Published in: New York Times
Issue/Volume: March 26, 2008
Written by: Tara Parker-Pope

3/27/2008 – A Doctor’s View of Medical Mistakes

Two decades ago, an anesthesia catastrophe at a Wisconsin hospital killed a pregnant woman named Joy.

The young mother-to-be was undergoing a scheduled C-section, but a series of mistakes by the nurse anesthetist led to a tragic end, leaving the baby brain damaged and the family devastated.

There was another victim that day. Dr. Gary Brandeland didn’t make the mistake, but Joy was his patient. Her death sent him on his own downward spiral of grief and gave him a first-hand view of how doctors and hospital workers react to medical errors.

Dr. Brandeland, now an emergency room physician in Minnesota, has chronicled the tragedy in a moving article in a 2006 issue of the journal Medical Economics. What’s so fascinating about Dr. Brandeland’s story is that it explores the emotional toll medical mistakes have on doctors and nurses who witness them, and looks at the economic factors that he says often are ultimately responsible for medical errors.

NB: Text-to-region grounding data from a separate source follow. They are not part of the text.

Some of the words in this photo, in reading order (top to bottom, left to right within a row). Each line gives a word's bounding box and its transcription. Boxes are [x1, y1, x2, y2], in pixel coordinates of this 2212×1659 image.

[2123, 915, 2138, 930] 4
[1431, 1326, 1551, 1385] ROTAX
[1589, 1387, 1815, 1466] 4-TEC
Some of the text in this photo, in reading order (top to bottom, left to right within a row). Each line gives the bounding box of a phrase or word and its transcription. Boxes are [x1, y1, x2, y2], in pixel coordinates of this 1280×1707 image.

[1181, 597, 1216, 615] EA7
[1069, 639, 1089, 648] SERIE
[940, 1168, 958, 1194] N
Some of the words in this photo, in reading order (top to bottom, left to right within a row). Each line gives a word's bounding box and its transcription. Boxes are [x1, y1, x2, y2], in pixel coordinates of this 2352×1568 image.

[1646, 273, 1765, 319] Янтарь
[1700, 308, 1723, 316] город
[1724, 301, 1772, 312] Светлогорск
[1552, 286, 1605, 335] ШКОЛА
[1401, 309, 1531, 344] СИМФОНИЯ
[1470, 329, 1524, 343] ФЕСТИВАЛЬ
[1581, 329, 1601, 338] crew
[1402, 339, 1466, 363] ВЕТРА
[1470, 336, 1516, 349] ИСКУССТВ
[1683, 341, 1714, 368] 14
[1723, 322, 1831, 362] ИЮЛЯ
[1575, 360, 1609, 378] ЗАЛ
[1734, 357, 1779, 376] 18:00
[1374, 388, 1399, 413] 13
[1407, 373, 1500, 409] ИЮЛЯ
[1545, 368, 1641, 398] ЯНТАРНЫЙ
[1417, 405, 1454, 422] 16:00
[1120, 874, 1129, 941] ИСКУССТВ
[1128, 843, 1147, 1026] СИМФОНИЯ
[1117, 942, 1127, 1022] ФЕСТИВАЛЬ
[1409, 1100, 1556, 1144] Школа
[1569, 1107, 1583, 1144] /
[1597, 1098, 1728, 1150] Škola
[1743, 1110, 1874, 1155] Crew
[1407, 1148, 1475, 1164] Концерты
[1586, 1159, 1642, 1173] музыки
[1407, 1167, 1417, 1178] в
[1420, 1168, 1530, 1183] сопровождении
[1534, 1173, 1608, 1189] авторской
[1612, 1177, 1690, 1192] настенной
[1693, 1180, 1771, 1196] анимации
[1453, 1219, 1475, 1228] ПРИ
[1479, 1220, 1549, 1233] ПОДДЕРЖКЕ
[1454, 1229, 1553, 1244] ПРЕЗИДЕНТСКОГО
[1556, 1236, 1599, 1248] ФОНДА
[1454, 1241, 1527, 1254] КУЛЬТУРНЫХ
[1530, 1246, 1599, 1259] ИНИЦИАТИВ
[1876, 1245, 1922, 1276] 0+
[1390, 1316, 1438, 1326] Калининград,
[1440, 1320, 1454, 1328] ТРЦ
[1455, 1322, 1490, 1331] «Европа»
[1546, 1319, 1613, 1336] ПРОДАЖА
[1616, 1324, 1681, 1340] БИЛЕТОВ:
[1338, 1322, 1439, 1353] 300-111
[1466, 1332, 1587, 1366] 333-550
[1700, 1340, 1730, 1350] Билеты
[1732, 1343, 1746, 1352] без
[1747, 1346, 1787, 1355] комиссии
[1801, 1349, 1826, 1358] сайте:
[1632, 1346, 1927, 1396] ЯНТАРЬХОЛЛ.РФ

After the recent publicity surrounding the medical mistake that almost killed the twin babies of actor Dennis Quaid, I spoke with Dr. Brandeland about how medical mistakes affect the people who care for patients.

Q. When medical mistakes happen, a lot of people blame the health care worker involved. Is that entirely fair?

A. The greatest common risk to patients is the understaffing of nurses. A nurse may make a critical mistake, and a patient might die. She has to live with the error, but the real culprit, the root cause often is that she or he was understaffed and overworked and a mistake was made. The hospital doesn’t pay for it on a personal level. They just get a new nurse.

I’ve seen excellent nurses who make mistakes when things get overwhelming. They are minor, and fortunately I haven’t seen a death due to a medical mistake since this tragedy happened. But I think we’re at a critical point right now where health plans and insurance companies are trying to trim costs and are cutting back on quality. Instead of the individual, I think the anger should be at the hospital structure if in fact there is a history of understaffing at that institution.

Q. This wasn’t your mistake and you weren’t sued or blamed in any way, yet you write about the enormous personal and professional toll the tragedy took on you. Why did this affect you so much?

A. Everyone in the operating room is going to feel somewhat responsible. The patient came to me as someone who was going to safely help her have a baby, and the end result was this disaster. In the end, I was the one who talked to the family. I was closer to them because I’d seen them for nine months.

Q. Have you ever been the victim of a medical mistake?

A. I was a patient in 1998 at a world famous medical center. The nurse came in to give me a pill. I had a heart condition and I recognized right away that it was wrong and I would have died. She came back and sort of laughed and said, “Oh, I guess the doctor wrote the orders on the wrong chart.’’ I would have left there with a toe tag if I had taken that pill.

Q. How did the death of Joy change your view of medicine?

A. I became overcompulsive and less tolerant of any sort of mistakes at all. I felt more concern about people who were working for me, such as the nursing staff, and the mistakes that could be made. When there is a mistake, you go through almost the stages of grief. You second guess yourself. I also developed a profound sadness. I can’t describe it in words. I think about people who have lost a loved one, I think of families who have lost troops in Iraq and other tragedies where someone is killed in a car accident. It’s a sadness that doesn’t go away.